• Work instructions:
Repeat the data exactly, with every line included.

• Material provided:

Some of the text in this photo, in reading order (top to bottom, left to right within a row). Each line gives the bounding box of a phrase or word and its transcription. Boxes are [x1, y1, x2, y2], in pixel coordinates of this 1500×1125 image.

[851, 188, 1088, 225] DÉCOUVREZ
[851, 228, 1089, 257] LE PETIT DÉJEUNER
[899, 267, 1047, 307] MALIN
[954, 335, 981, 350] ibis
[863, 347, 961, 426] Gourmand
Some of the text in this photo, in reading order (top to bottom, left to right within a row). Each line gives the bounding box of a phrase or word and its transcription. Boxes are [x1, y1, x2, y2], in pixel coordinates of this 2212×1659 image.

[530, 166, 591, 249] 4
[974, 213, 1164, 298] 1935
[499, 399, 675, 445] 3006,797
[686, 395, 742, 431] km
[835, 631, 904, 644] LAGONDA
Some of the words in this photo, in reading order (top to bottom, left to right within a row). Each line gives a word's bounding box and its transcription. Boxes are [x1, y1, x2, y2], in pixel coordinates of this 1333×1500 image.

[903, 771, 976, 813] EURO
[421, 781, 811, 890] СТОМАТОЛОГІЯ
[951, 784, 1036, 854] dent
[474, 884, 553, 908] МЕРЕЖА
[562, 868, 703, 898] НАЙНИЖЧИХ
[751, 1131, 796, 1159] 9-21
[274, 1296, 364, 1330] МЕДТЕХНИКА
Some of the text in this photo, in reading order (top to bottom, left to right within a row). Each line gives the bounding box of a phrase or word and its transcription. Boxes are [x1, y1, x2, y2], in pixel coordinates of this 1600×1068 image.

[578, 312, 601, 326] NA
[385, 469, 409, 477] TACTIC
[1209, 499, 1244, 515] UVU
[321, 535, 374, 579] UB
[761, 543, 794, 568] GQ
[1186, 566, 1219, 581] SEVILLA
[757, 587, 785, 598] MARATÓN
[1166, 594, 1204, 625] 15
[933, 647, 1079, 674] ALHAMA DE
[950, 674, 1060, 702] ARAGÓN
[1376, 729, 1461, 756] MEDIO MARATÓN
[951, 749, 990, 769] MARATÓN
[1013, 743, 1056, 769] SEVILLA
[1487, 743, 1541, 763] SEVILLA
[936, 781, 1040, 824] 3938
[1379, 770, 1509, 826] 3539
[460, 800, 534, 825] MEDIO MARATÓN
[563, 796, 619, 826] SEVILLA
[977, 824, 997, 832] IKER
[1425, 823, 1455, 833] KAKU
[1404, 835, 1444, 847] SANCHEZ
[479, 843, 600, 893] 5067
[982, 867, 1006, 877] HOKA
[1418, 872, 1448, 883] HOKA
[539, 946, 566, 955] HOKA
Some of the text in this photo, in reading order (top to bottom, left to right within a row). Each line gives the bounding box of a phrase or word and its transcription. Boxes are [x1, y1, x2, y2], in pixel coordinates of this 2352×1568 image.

• Response:
Some of the text in this photo, in reading order (top to bottom, left to right within a row). Each line gives the bounding box of a phrase or word and its transcription. Boxes are [x1, y1, x2, y2], in pixel coordinates of this 1500×1125 image.

[851, 188, 1088, 225] DÉCOUVREZ
[851, 228, 1089, 257] LE PETIT DÉJEUNER
[899, 267, 1047, 307] MALIN
[954, 335, 981, 350] ibis
[863, 347, 961, 426] Gourmand
Some of the text in this photo, in reading order (top to bottom, left to right within a row). Each line gives the bounding box of a phrase or word and its transcription. Boxes are [x1, y1, x2, y2], in pixel coordinates of this 2212×1659 image.

[530, 166, 591, 249] 4
[974, 213, 1164, 298] 1935
[499, 399, 675, 445] 3006,797
[686, 395, 742, 431] km
[835, 631, 904, 644] LAGONDA
Some of the words in this photo, in reading order (top to bottom, left to right within a row). Each line gives a word's bounding box and its transcription. Boxes are [x1, y1, x2, y2], in pixel coordinates of this 1333×1500 image.

[903, 771, 976, 813] EURO
[421, 781, 811, 890] СТОМАТОЛОГІЯ
[951, 784, 1036, 854] dent
[474, 884, 553, 908] МЕРЕЖА
[562, 868, 703, 898] НАЙНИЖЧИХ
[751, 1131, 796, 1159] 9-21
[274, 1296, 364, 1330] МЕДТЕХНИКА
Some of the text in this photo, in reading order (top to bottom, left to right within a row). Each line gives the bounding box of a phrase or word and its transcription. Boxes are [x1, y1, x2, y2], in pixel coordinates of this 1600×1068 image.

[578, 312, 601, 326] NA
[385, 469, 409, 477] TACTIC
[1209, 499, 1244, 515] UVU
[321, 535, 374, 579] UB
[761, 543, 794, 568] GQ
[1186, 566, 1219, 581] SEVILLA
[757, 587, 785, 598] MARATÓN
[1166, 594, 1204, 625] 15
[933, 647, 1079, 674] ALHAMA DE
[950, 674, 1060, 702] ARAGÓN
[1376, 729, 1461, 756] MEDIO MARATÓN
[951, 749, 990, 769] MARATÓN
[1013, 743, 1056, 769] SEVILLA
[1487, 743, 1541, 763] SEVILLA
[936, 781, 1040, 824] 3938
[1379, 770, 1509, 826] 3539
[460, 800, 534, 825] MEDIO MARATÓN
[563, 796, 619, 826] SEVILLA
[977, 824, 997, 832] IKER
[1425, 823, 1455, 833] KAKU
[1404, 835, 1444, 847] SANCHEZ
[479, 843, 600, 893] 5067
[982, 867, 1006, 877] HOKA
[1418, 872, 1448, 883] HOKA
[539, 946, 566, 955] HOKA
Some of the text in this photo, in reading order (top to bottom, left to right within a row). Each line gives the bounding box of a phrase or word and its transcription. Boxes are [x1, y1, x2, y2], in pixel coordinates of this 2352×1568 image.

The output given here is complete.